Format: DVD from NetFlix on laptop.
David Cronenberg is best known for body horror films. Even much of the last decade’s examples of his filmography that haven’t been overtly horror--Eastern Promises, A History of Violence--have had elements of body horror in them. Cronenberg’s classic period of films contain some truly disturbing imagery and horrific sights. Rabid is an early film in his career, and while it has all of the hallmarks of a new filmmaker working without much of a budget, it’s also one that is indicative of the style that would make him a favorite of horror movie fans.
Rabid starts with Rose (Marilyn Chambers) and her boyfriend Hart (Frank Moore) go off for a motorcycle ride. Thanks to a van that has decided to attempt to turn around on a narrow road, Rose and Hart wipe out and Rose is pinned under the bike as it catches fire. With no hospital nearby, they are taken instead to a nearby plastic surgery clinic where Rose’s injuries are treated by Dr. Keloid (Howard Ryshpan). To assist in her healing, Keloid uses an experimental technique in skin grafting that will hopefully allow the grafts to adapt to their new location on her chest and abdomen.
But, since this is a horror movie and a David Cronenberg horror movie, we can rest assured that that’s not going to happen. Rose stays in a coma for some time until she suddenly wakes up screaming. When another patient at the clinic comes to investigate, Rose attacks him with something that has evidently grown from her new skin. She now has very Cronenberg-looking orifice under her left arm that houses a stinger. It stabs its victim and draws blood, which is now the only way that Rose can gain sustenance, making her something like a vampire. Worse, when she feeds off someone, that person develops a condition similar in many ways to rabies, causing blood-seeking attacks, and in turn infecting that person.

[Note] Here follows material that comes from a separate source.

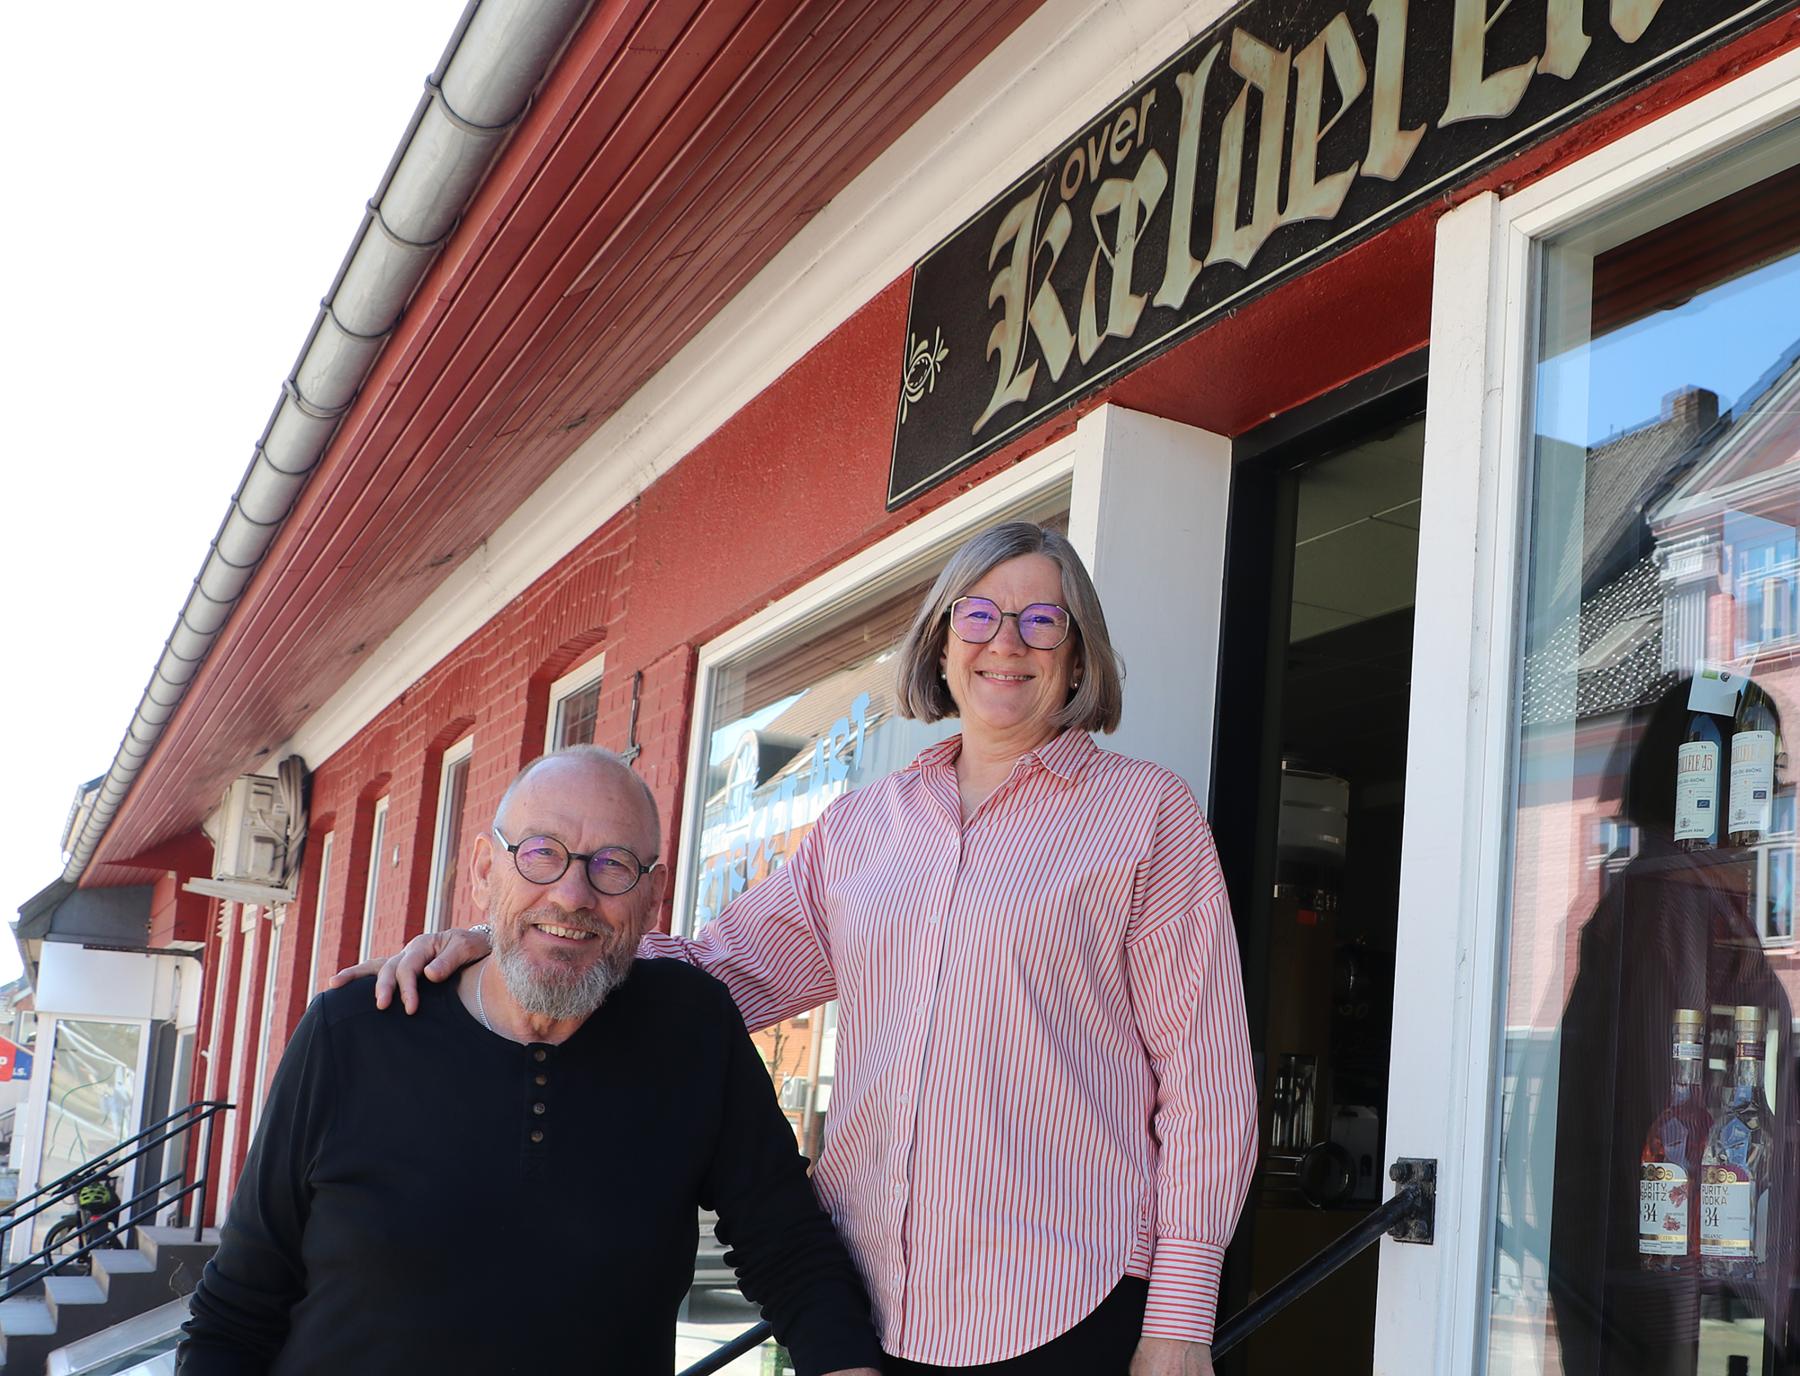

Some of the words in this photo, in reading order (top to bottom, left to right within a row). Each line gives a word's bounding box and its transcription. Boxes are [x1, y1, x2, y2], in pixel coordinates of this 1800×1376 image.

[1061, 88, 1157, 200] over
[1702, 754, 1712, 771] 45
[1643, 1202, 1658, 1222] 34
[1704, 1207, 1720, 1227] 34

Soon enough, there’s an epidemic in Montreal with more and more “rabid” people attacking others. The city falls under martial law with shoot-to-kill orders to attempt to quell the disease. And through all of this, Rose continues to seek out victims and feed on them, renewing the plague with each victim she finds.
It isn’t hard to see Cronenberg’s influences for Rabid in addition to his own penchant for body horror. There’s a great deal here that is similar to Night of the Living Dead with the outbreak of plague and the flesh/bloodlust of those who become infected by it. There is also, as seems to be a common theme with Cronenberg, a strong sexual element to the plague. Rose’s attacks are very similar in many ways to rape, and this is absolutely intentional on his part. The stinger that Rose has developed is absolutely phallic and the attacks are absolutely violating.
If you didn’t know this was a Cronenberg film, it would soon become apparent if you are at all familiar with his work. The visuals are purely his, particularly anything dealing with Rose’s phallic stinger and the sphincter-like orifice from which it emerges. This is a look that Cronenberg went back to time and time again in films like Videodrome and Naked Lunch. In that respect, this is an early exemplar of what would be come some of his signature visuals.
Rabid’s biggest issue is its budget, which was clearly minimal. Most of what there was went to the special effects. It clearly didn’t go to the actors. Of the entire cast, only Joe Silver, who plays Dr. Keloid’s business partner and Susan Roman, who plays Rose’s friend Mindy are even remotely convincing. Say what you will about Marilyn Chambers and her most famous roles in pornography, the woman couldn’t really act. It’s interesting that evidently Cronenberg originally wanted Sissy Spacek for the role, but was convinced to use Chambers for more sex appeal. Honestly, that’s really all she had in front of the camera, because when she is not being overtly sexual (tying in with the sexual nature of the infection), she’s pretty wooden.
Rabid is the kind of film that feels grimy. It’s disturbing and awful the way Cronenberg’s best work tends to be, but it’s also so creepy and weird that it’s a difficult film to enjoy. And yet, the cheapness of it, the grittiness and awfulness of it is a big part of the attraction and reason to see it. The entire point of the film is to make the viewer uncomfortable with what is happening, and in that respect, it succeeds admirably.
I like David Cronenberg’s work in general. Even when he fails with something like Naked Lunch, he makes really interesting failures. Rabid isn’t a failure, even if it’s not a complete success. As a view for what the man would become as a director, I think it’s pretty close to essential viewing.
Why to watch Rabid: Cronenberg body horror at early intensity.
Why not to watch: Most of the cast can’t really act.